Aug 19, 2008 at 3:23 pm, Jared Stein

George Siemens posts frequently and with clarity on his blog elearnspace, and often I find myself nodding my head as I read or questioning my assumptions or bouncing around to other web sites as I hunt down reinforcing or contradicting information. Today I challenged a couple claims made in his posting, Explaining leads to information, which examines the past, present, and future roles of universities. For instance, George says:

At one point, we thought content was the value point of universities. Wrong. MIT’s OpenCourseWare initiative changed that.

In my opinion this is only partly true at best. First, MIT’s OpenCourseWare is not the same as the content of MIT. MIT OCW is “not … a MIT education”, nor is it claimed to be. Having looked at a lot of the OCW that is available on MIT and other sites I don’t see that the majority of “OCW” qualifies as a full course, let alone worthy of being labeled the professor’s “content”. While the better examples of MIT OCW include video lectures with instructor notes, many are simply syllabi with reading lists, outlines, or loose notes. Does this represent MIT’s content? How does one define the university’s content as a value point?
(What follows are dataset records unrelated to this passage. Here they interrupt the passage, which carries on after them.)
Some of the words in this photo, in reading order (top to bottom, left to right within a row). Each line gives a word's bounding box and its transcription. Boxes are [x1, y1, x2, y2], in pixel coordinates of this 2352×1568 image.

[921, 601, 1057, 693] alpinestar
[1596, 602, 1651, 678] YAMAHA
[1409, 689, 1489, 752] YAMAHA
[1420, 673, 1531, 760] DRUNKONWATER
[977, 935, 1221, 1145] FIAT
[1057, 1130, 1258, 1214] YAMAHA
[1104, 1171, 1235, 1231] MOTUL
We might proceed by asking, what is content? Is content a static thing that can be documented on the Web? Where is content contained? In the university libraries? If so, interlibrary loan crossed that boundary decades ago. Is it in the faculty themselves? Quality faculty are never static; their lectures change as their research develops as their expertise expands or deepens as their knowledge grows. To me having access to an expert is quite different from having access to that expert’s syllabus and lecture notes. As mentioned, some of MIT’s OCW includes taped lectures (as does UC Berkeley’s Webcasts), arguably taking one as close to being in the classroom as possible without being a student. Other OCW (like the UK Open University’s LearningSpace) replicates full or nearly-full online course materials as OCW, though still not approximately a true classroom experience as they leave assessments and interaction to the self-learner’s own means. This brings us to George’s second value point declamation:

Ok, then the interaction with faculty is the value point. And wrong again. Open communication and collaboration in online environments with networks of peers and experts gave us control over our interactions.”
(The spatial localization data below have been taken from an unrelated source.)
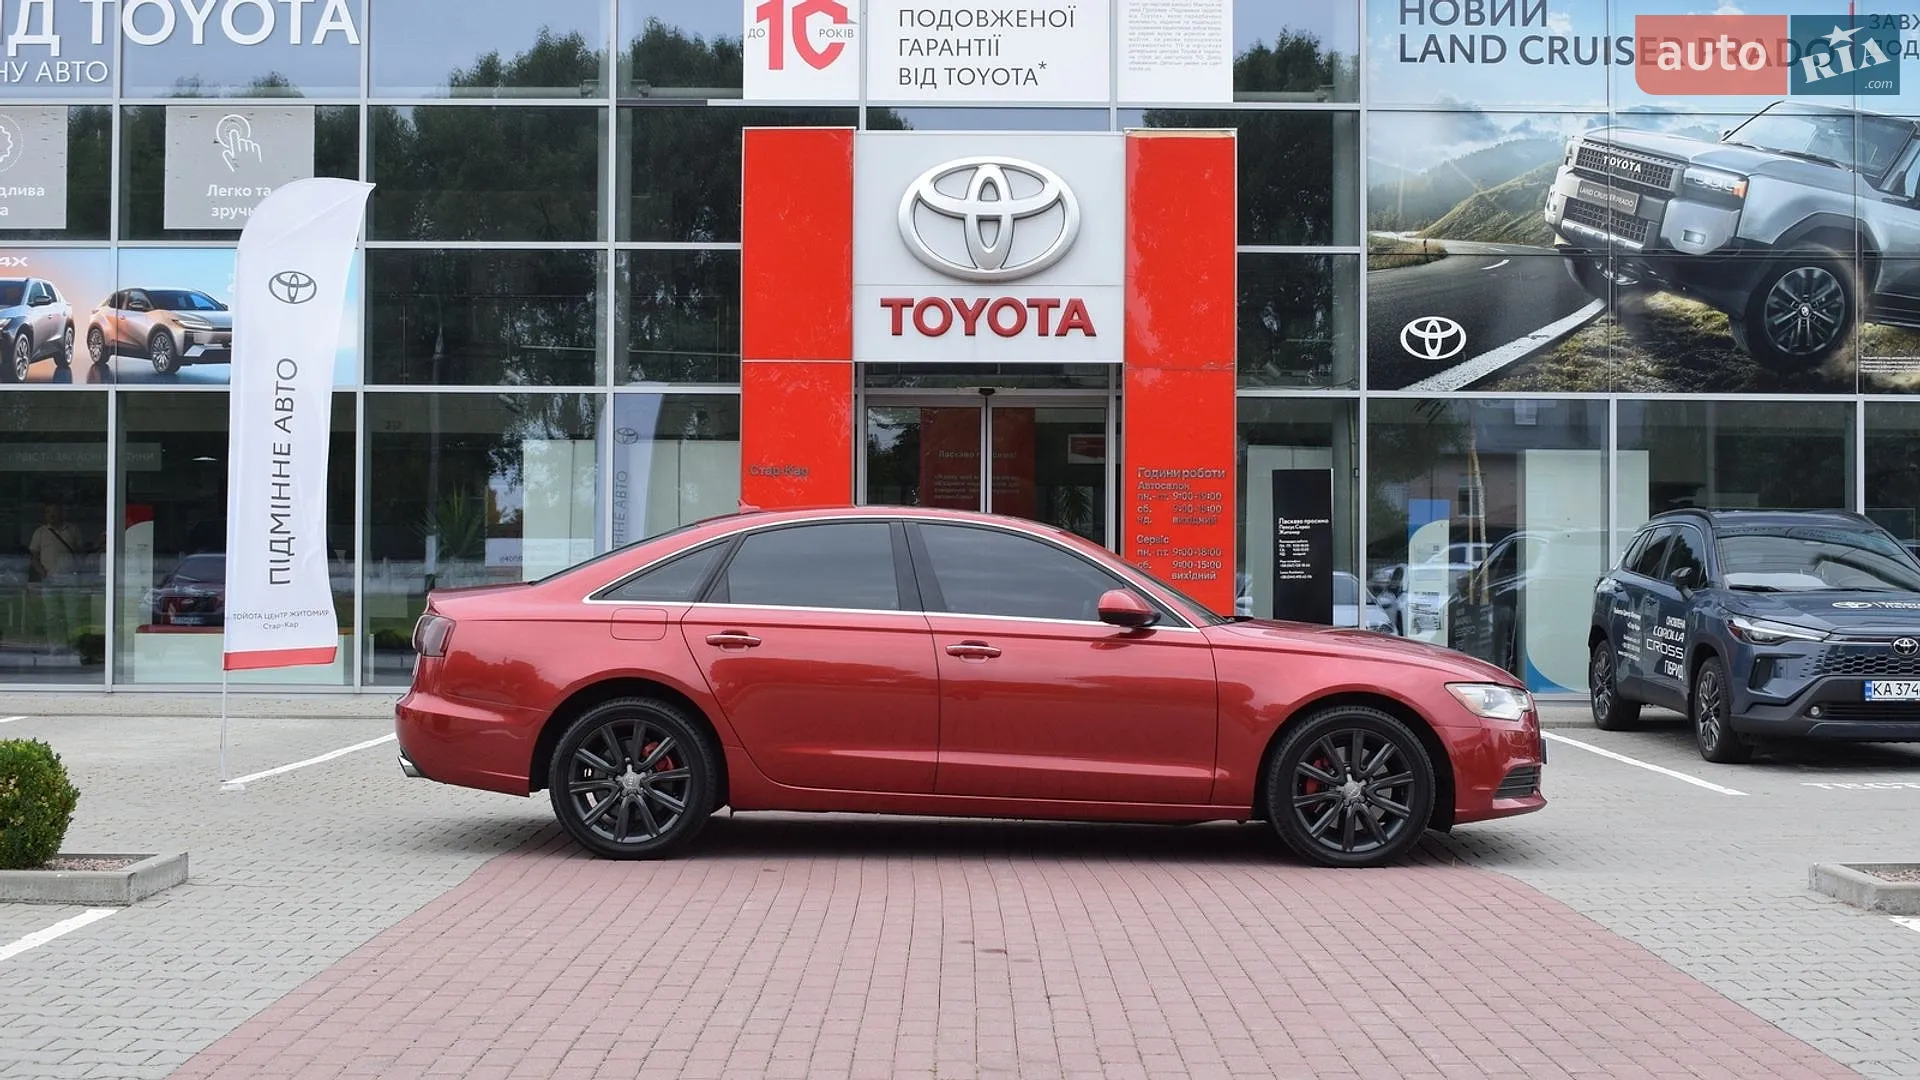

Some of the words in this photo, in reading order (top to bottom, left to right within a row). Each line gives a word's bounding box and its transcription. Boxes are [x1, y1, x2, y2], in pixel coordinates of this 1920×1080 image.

[79, 0, 360, 45] TOYOTA
[899, 5, 1076, 30] ПОДОВЖЕНОЇ
[748, 28, 766, 39] ДО
[819, 28, 855, 38] РОКІВ
[899, 34, 1001, 56] ГАРАНТІЇ
[1400, 34, 1507, 63] LAND
[1519, 35, 1684, 67] CRUISER
[35, 61, 108, 82] АВТО
[899, 67, 937, 88] ВІД
[1603, 156, 1642, 173] TOYOTA
[207, 184, 252, 197] Легко
[255, 187, 272, 197] та
[880, 297, 1097, 337] TOYOTA
[273, 358, 298, 434] АВТО
[269, 442, 296, 585] ПІДМІННЕ
[232, 611, 263, 621] ТОЙОТА
[290, 608, 329, 619] ЖИТОМИР
[1653, 625, 1685, 643] COROLLA
[1646, 638, 1684, 660] CROSS
[1873, 682, 1893, 696] KA
[1895, 682, 1919, 696] 374
This statement assumes (1) that all your favorite experts are online or connected to online environments, and (2) that these experts are willing and able to interact with anyone that makes a demand of their time. If this were true, I’d be following Harold Bloom on Twitter, and making impromptu Skype calls with him on Sunday afternoons. Or perhaps the implication is that even though Harold Bloom is not online or willing to communicate with me, someone else like Bloom is, or even better: dozens of willing, online enthusiasts will do in Harold Bloom’s stead. I would counter that while base information may no longer be scarce, lucidity and expertise is still uncommon, and true genius remains rare.
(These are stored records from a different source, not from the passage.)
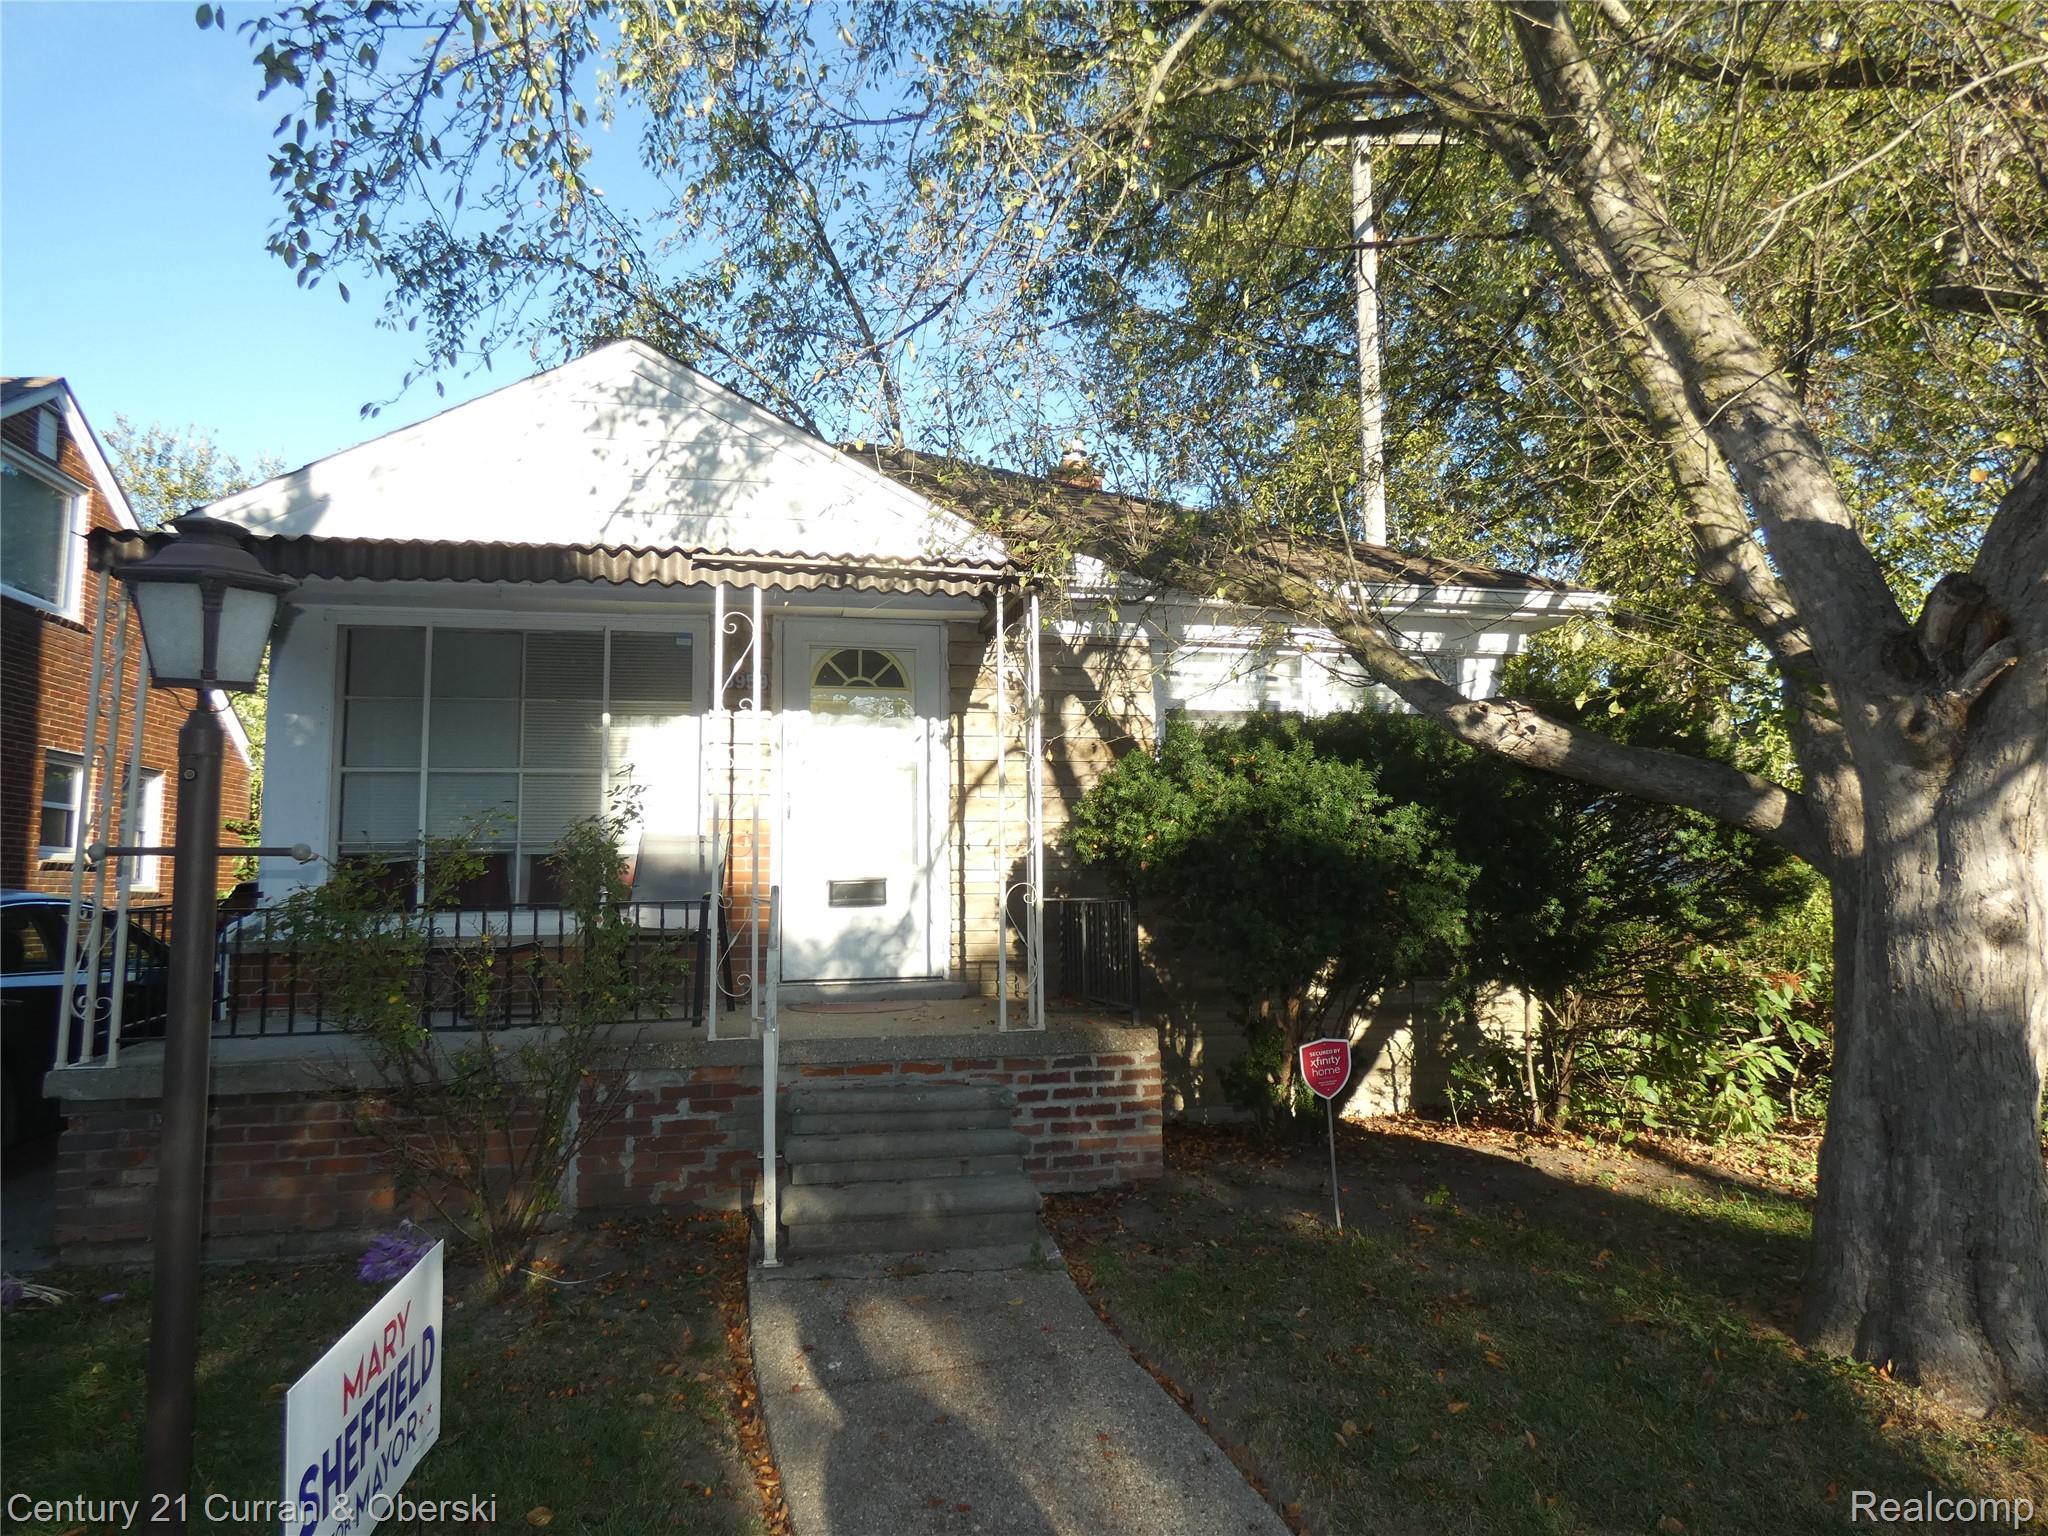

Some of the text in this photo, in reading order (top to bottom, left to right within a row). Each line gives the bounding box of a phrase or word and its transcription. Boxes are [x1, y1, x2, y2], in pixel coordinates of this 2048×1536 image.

[1308, 1049, 1333, 1057] SECURED
[1310, 1055, 1341, 1069] xfinity
[1312, 1066, 1341, 1077] home
[343, 1300, 412, 1417] MARY
[298, 1325, 436, 1536] SHEFFIELD
[356, 1410, 417, 1528] MAYOR
Admittedly I may be missing the forest for the trees; the thrust of George’s original post was to suppose that “the role of university may well become one of being a coherence-maker, helping learners make sense of information abundance and change”. I agree with that, but I have to echo’s George’s final comment that “university’s have always done this”. I am not convinced that the privileged access to unversities is anything more than superficially endangered by online content repositories and social networks. I still see the university’s value points centering on content and expert interactions. Coherence-making will continue to be a value point, if one that does need to be consciously magnified as we continually orbit closer and closer to information and the gravity it impresses on our daily lives.